A veces me pregunto cuántas personas de las que critican con dureza incomparable los sondeos de opinión están en capacidad para hacerlo. Y no es que no tengan derecho a dudar de resultados por la aplicación de esa técnica de investigación, pues ha llovido mucho y muy variado desde que la Gallup Organization comenzó a usarla a principios del siglo pasado. De lo que se trata es de ganarse el derecho para criticar apropiándose de los conocimientos elementales sobre esta herramienta, porque así no haríamos el ridículo y en cambio contribuiríamos a la construcción de una opinión pública saludable.
Sobre los sondeos, baste con citar dos de las frases más socorridas entre esa generación de críticos: «A mí nunca me han entrevistado para esa encuesta», «1,200 personas es una muestra muy pequeña para tanta gente». Son argumentos vacíos y sin base científica que no resisten la mínima refutación, por tanto sólo son pasables en ágrafos, jamás perdonables en operadores semánticos y multiplicadores de discursos que tienen el privilegio de haber pasado por una academia y usar los espacios mediáticos.
Parte del trajinar político típico también es la droga.
Pese a que hay organismos estatales que tienen la responsabilidad de controlar ese problema, cualquier desautorizado se monta en ese tren para sacar ventaja política. Con ella estigmatizan al otro en lo que se averigua el caso. La etiqueta de drogadicto o narcotraficante pesa como la cruz que, dicen, tuvo que cargar Jesús. No es que sea malo per se plantear ese problema en la coyuntura política; lo que aterra es el bajo grado de sinceridad con que introducen el tema con todo lo que subyace en él, incluido el pestilente olor a chantaje y una potente capacidad de generalización.

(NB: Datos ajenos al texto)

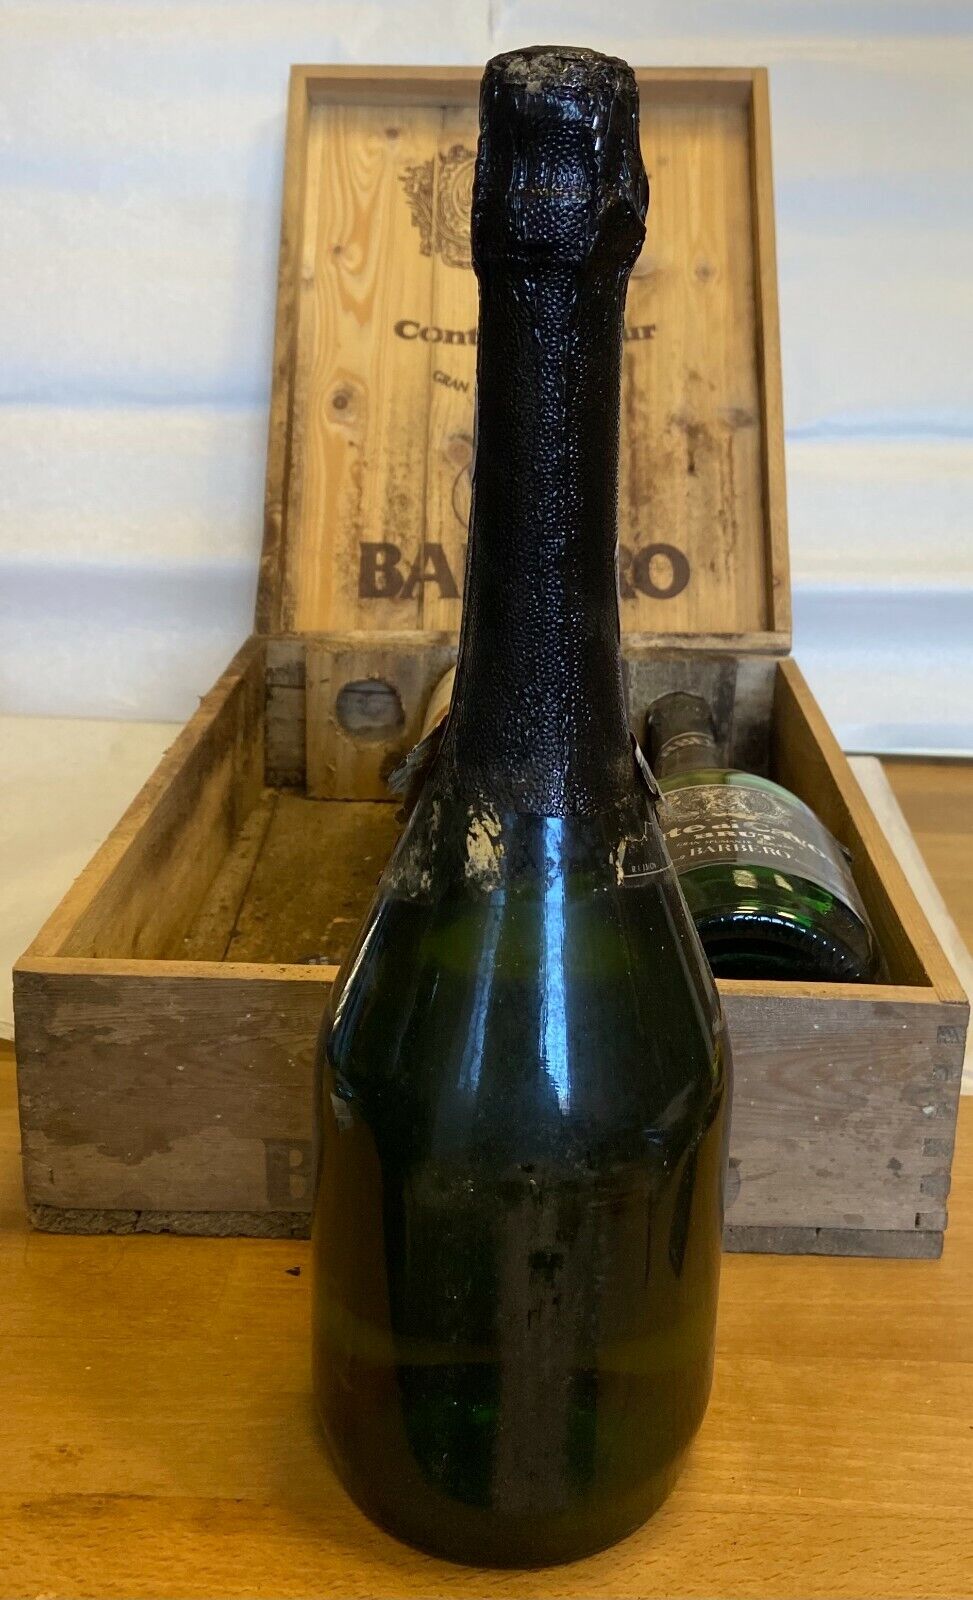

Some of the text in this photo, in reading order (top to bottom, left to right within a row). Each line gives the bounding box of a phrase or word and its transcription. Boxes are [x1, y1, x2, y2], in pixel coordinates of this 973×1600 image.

[394, 319, 477, 346] Cont
[432, 370, 470, 393] GRAN
[690, 844, 791, 859] BARBERO
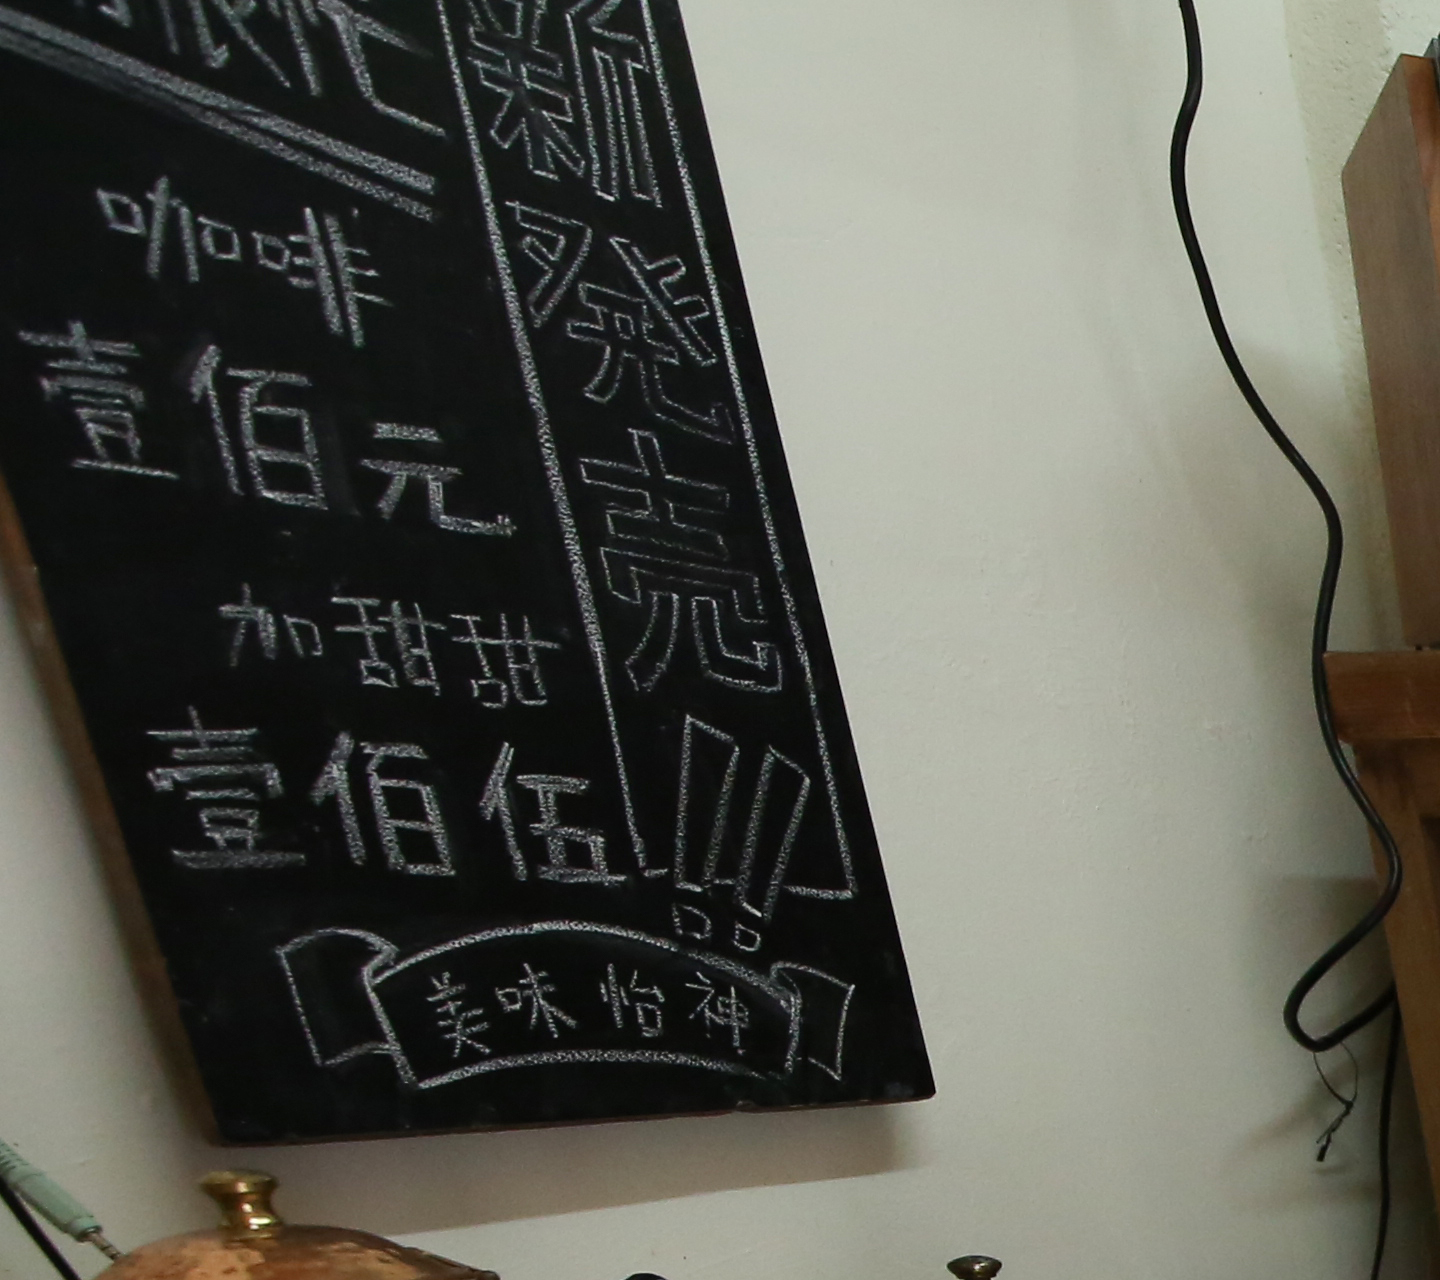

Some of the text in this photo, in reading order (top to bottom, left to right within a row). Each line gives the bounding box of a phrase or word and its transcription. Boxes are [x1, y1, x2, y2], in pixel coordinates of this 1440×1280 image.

[97, 176, 394, 347] 咖啡
[18, 319, 517, 537] 壹佰元
[218, 582, 562, 710] 加甜甜
[147, 707, 627, 885] 壹佰伍
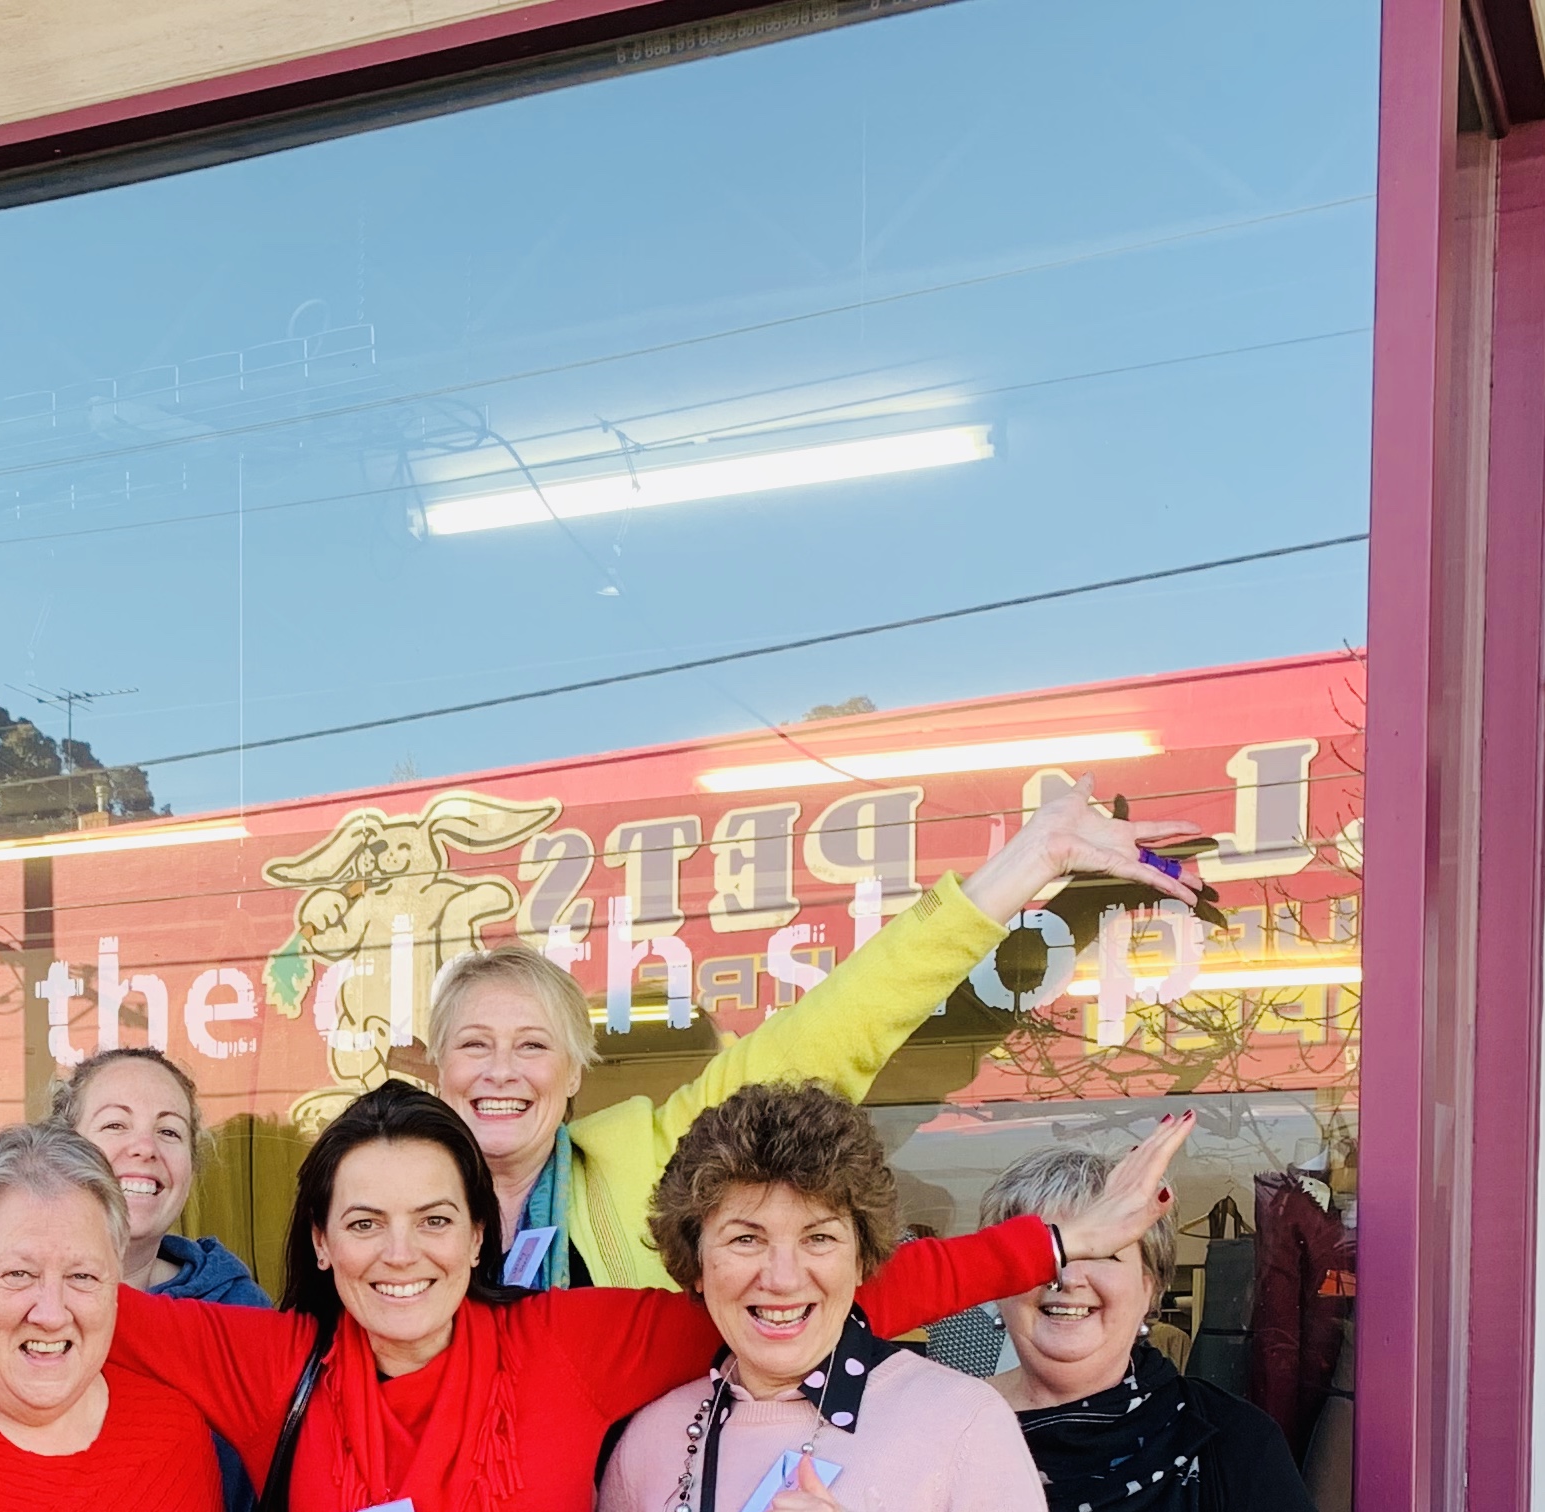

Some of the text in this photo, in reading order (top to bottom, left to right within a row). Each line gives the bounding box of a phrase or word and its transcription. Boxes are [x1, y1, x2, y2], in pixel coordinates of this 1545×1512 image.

Citemos un caso que nos invita a extremar los cuidados en el tratamiento de tan espinoso tema: Una persona atropella con su vehículo a un niño. Ante la tragedia, cae en depresión y en las drogas. Con el apoyo de un terapeuta sale del trance y se integra a la vida profesional y a la política. Retorna a su excelencia. La pregunta es: ¿Un antidoping positivo la descalifica moralmente y la imposibilita para hacer vida pública? Por estar en moda, muchos piensan que sí, pero no. Se parece al caso de la mujer divorciada, a quien muchos hombres le restan calidad por esa condición. Como ven, estamos ante visiones tubulares de problemas que tienen conexiones más amplias.
Igual pasa con los debates. Serían más interesantes si algunos sectores políticos no los pensaran sólo para entrar en la vieja moda estadounidense y si contáramos con una verdadera opinión pública capaz de discernir y orientar sus decisiones respecto a políticos y gobierno a partir de una evaluación reflexiva, como sucede en Estados Unidos.
No hay mejor forma de perder el tiempo que banalizar cuestiones de vital interés para la sociedad. Y aquí hay gente que desea banalizarlo todo. O corromperlo todo a través de su todología. Y cuando una sociedad se corrompe, como decía el poeta, el lenguaje se gangrena. Quizás eso pasa hoy.